→ **Problem to work on**: Could you repeat every record below exactly, leaving out the pictures?

++++++++

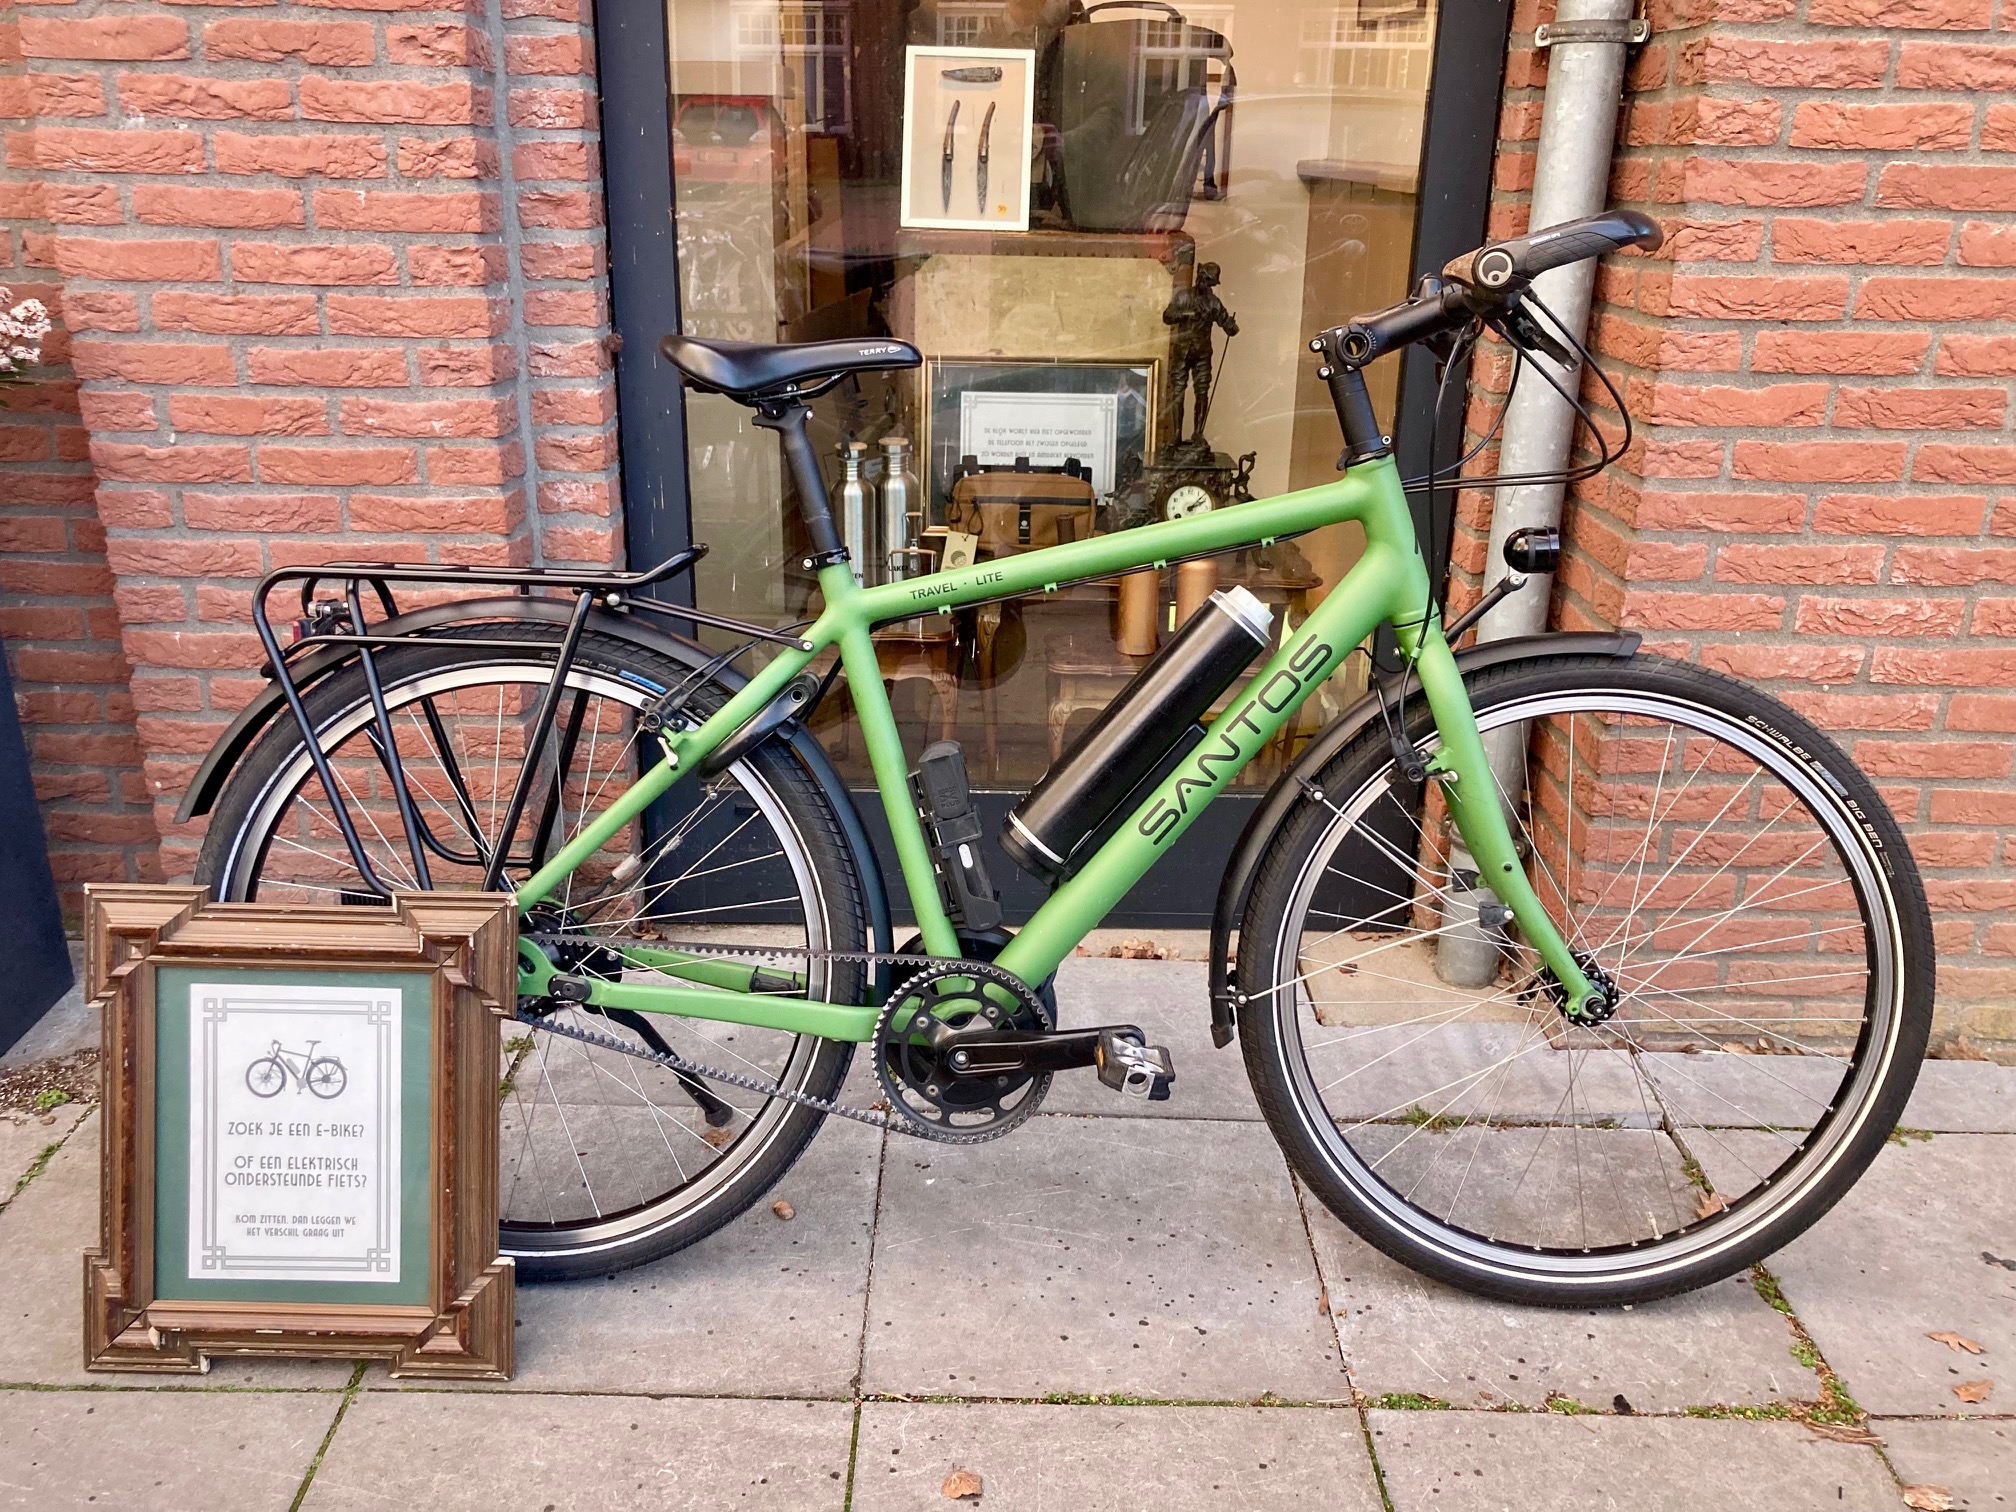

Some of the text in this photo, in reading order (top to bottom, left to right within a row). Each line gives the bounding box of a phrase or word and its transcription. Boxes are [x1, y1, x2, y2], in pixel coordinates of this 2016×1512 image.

[859, 347, 886, 356] TERRY
[910, 572, 1003, 599] TRAVEL LITE
[540, 653, 616, 673] SCWALBE
[1138, 634, 1333, 845] SANTOS
[1745, 715, 1883, 848] SCHWALBE BIG BEN
[228, 1122, 364, 1137] ZOEK JE EEN E-BIKE?
[234, 1156, 358, 1170] OF EEN ELEKTRISCH
[225, 1173, 367, 1188] ONDERSTEUNDE FIETS?
[236, 1215, 256, 1223] KOM
[292, 1216, 308, 1224] DAN
[312, 1216, 341, 1224] LEGGEN
[345, 1217, 356, 1225] WE
[247, 1227, 344, 1237] HET VERSCHIL GRAAG UIT
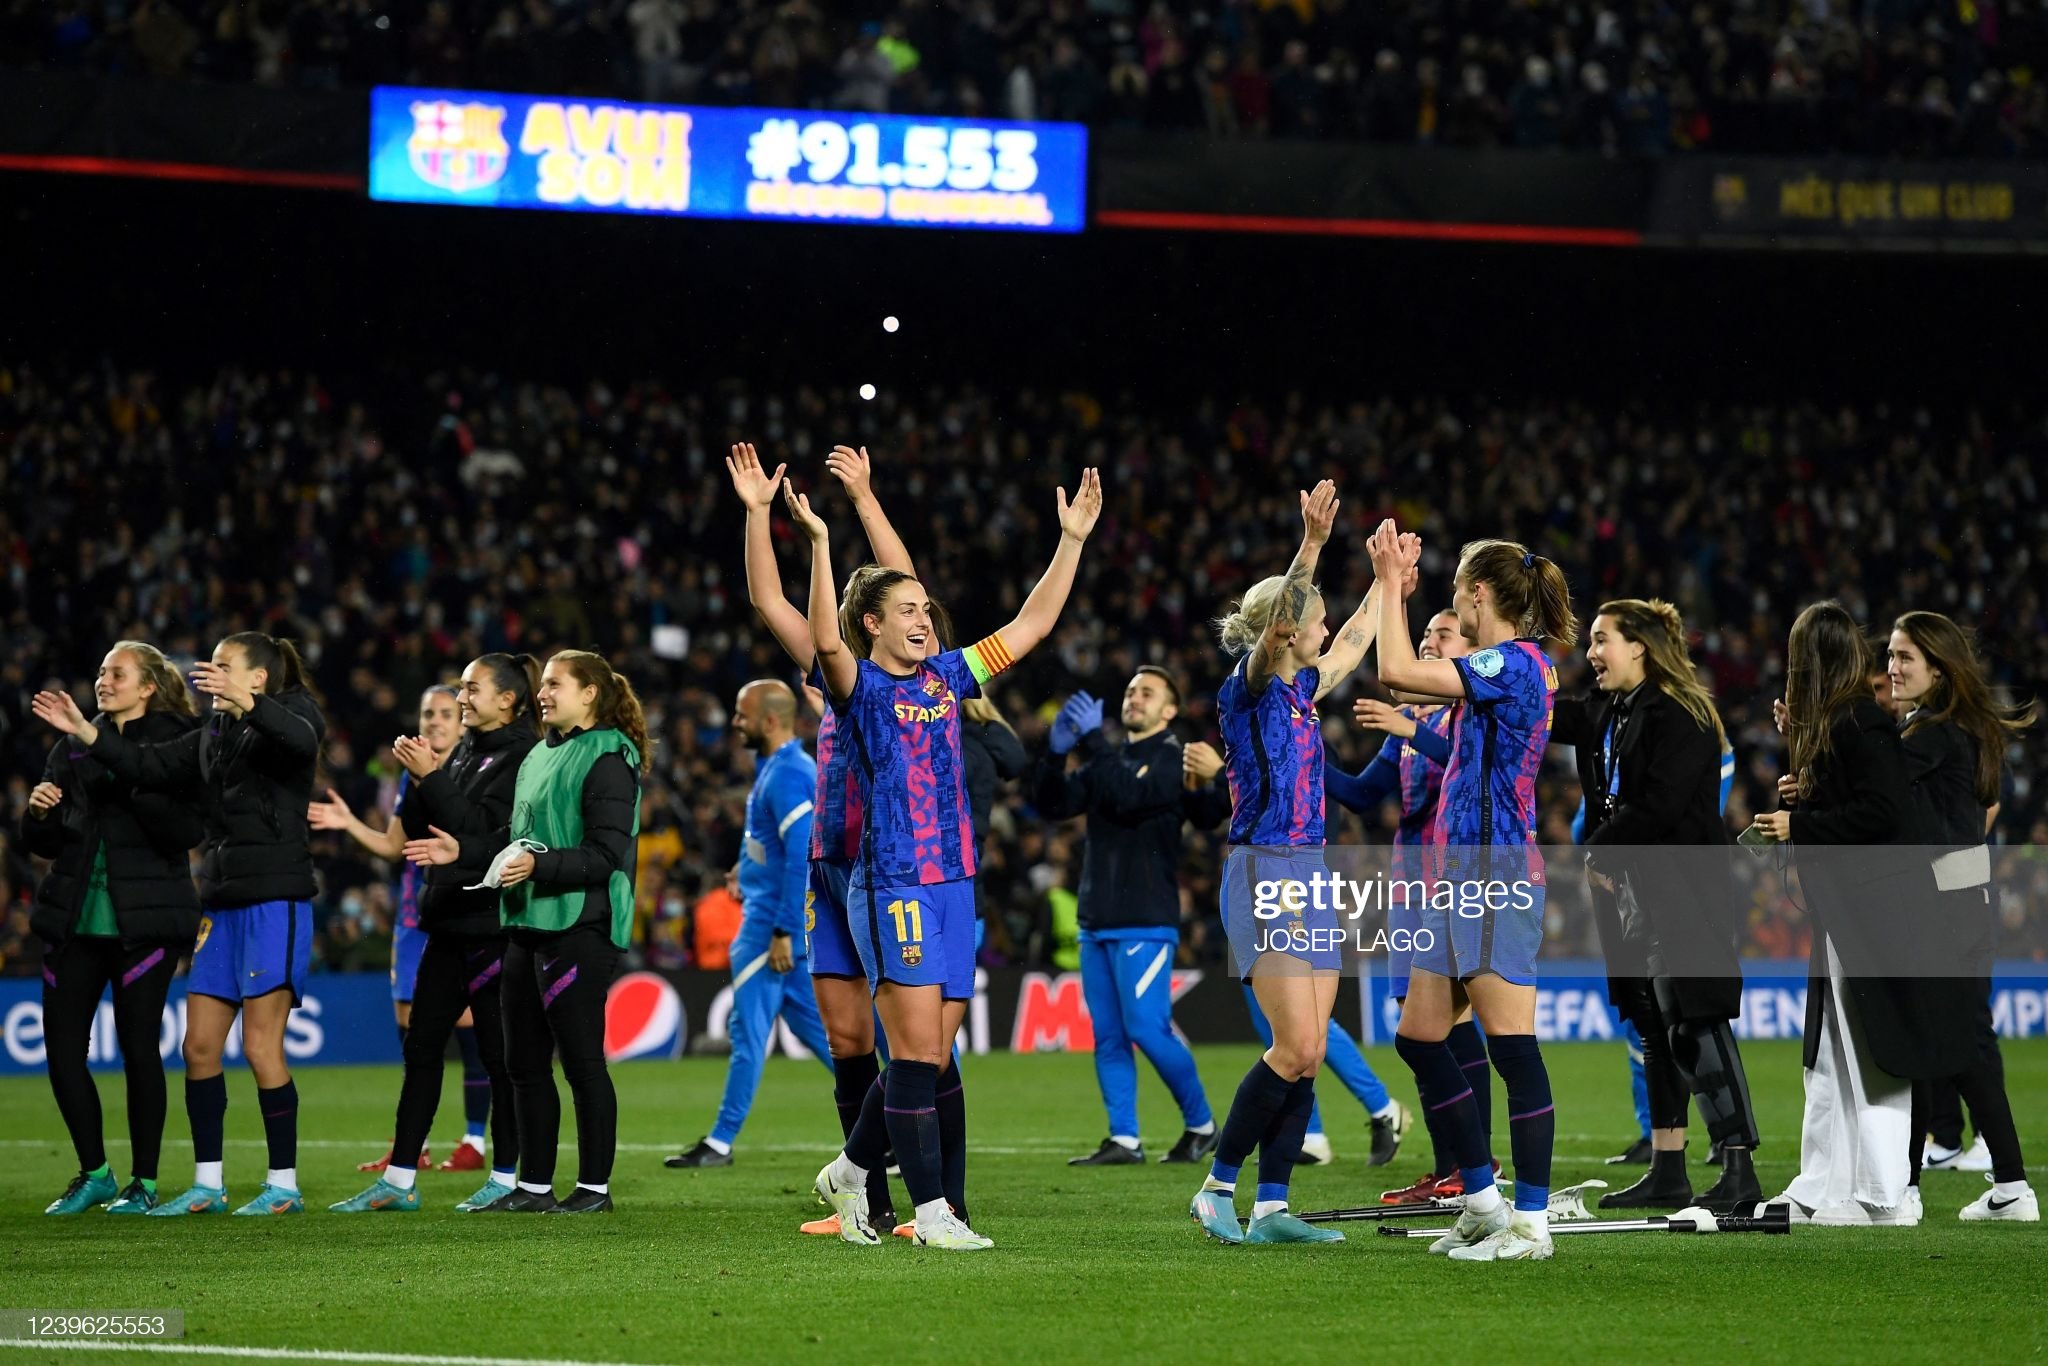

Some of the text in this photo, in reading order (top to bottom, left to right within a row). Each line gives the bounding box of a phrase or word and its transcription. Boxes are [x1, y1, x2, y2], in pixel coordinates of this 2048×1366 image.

[519, 103, 693, 156] AVUI
[746, 118, 1038, 192] #91.553
[536, 150, 690, 211] SOM
[887, 899, 923, 942] 11
[1536, 991, 1613, 1041] EFA

++++++++

→ **Output below**:
Some of the text in this photo, in reading order (top to bottom, left to right within a row). Each line gives the bounding box of a phrase or word and its transcription. Boxes are [x1, y1, x2, y2], in pixel coordinates of this 2016×1512 image.

[859, 347, 886, 356] TERRY
[910, 572, 1003, 599] TRAVEL LITE
[540, 653, 616, 673] SCWALBE
[1138, 634, 1333, 845] SANTOS
[1745, 715, 1883, 848] SCHWALBE BIG BEN
[228, 1122, 364, 1137] ZOEK JE EEN E-BIKE?
[234, 1156, 358, 1170] OF EEN ELEKTRISCH
[225, 1173, 367, 1188] ONDERSTEUNDE FIETS?
[236, 1215, 256, 1223] KOM
[292, 1216, 308, 1224] DAN
[312, 1216, 341, 1224] LEGGEN
[345, 1217, 356, 1225] WE
[247, 1227, 344, 1237] HET VERSCHIL GRAAG UIT

Some of the text in this photo, in reading order (top to bottom, left to right within a row). Each line gives the bounding box of a phrase or word and its transcription. Boxes are [x1, y1, x2, y2], in pixel coordinates of this 2048×1366 image.

[519, 103, 693, 156] AVUI
[746, 118, 1038, 192] #91.553
[536, 150, 690, 211] SOM
[887, 899, 923, 942] 11
[1536, 991, 1613, 1041] EFA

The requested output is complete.